| Work to complete |
Copy out each line of the material exactly. Pictures do not belong in the copy.

▼▼▼

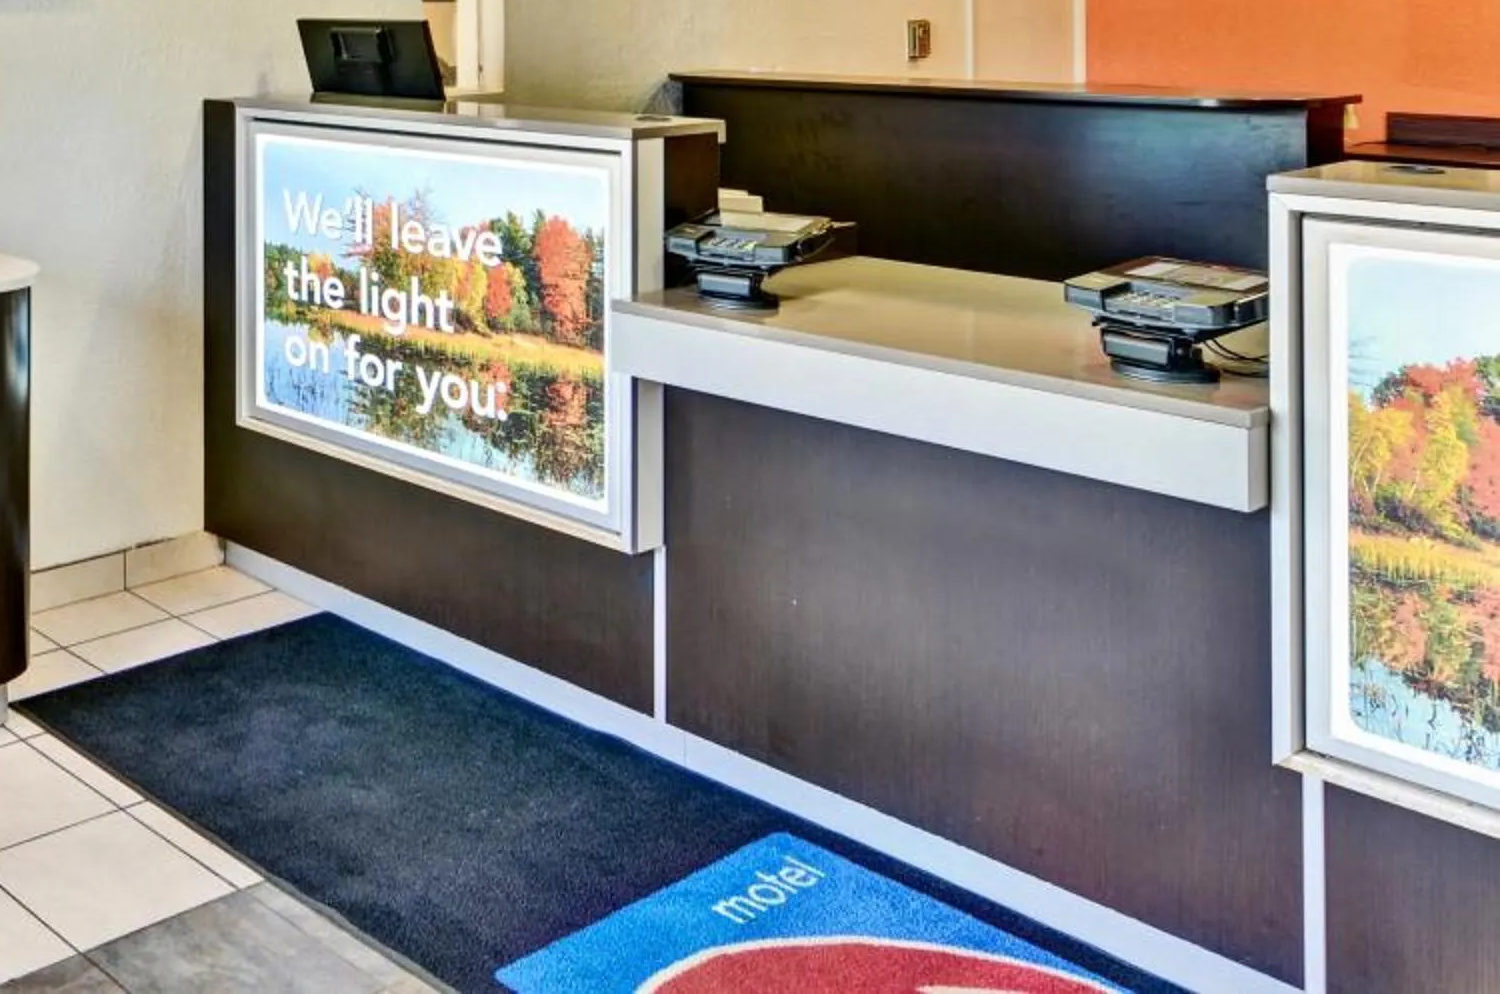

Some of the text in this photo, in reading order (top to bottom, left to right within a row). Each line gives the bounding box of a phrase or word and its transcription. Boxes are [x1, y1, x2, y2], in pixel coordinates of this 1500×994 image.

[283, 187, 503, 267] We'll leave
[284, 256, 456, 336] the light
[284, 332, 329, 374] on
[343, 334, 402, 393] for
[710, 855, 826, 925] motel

▲▲▲

| Result for this exercise |
Some of the text in this photo, in reading order (top to bottom, left to right within a row). Each line gives the bounding box of a phrase or word and its transcription. Boxes are [x1, y1, x2, y2], in pixel coordinates of this 1500×994 image.

[283, 187, 503, 267] We'll leave
[284, 256, 456, 336] the light
[284, 332, 329, 374] on
[343, 334, 402, 393] for
[710, 855, 826, 925] motel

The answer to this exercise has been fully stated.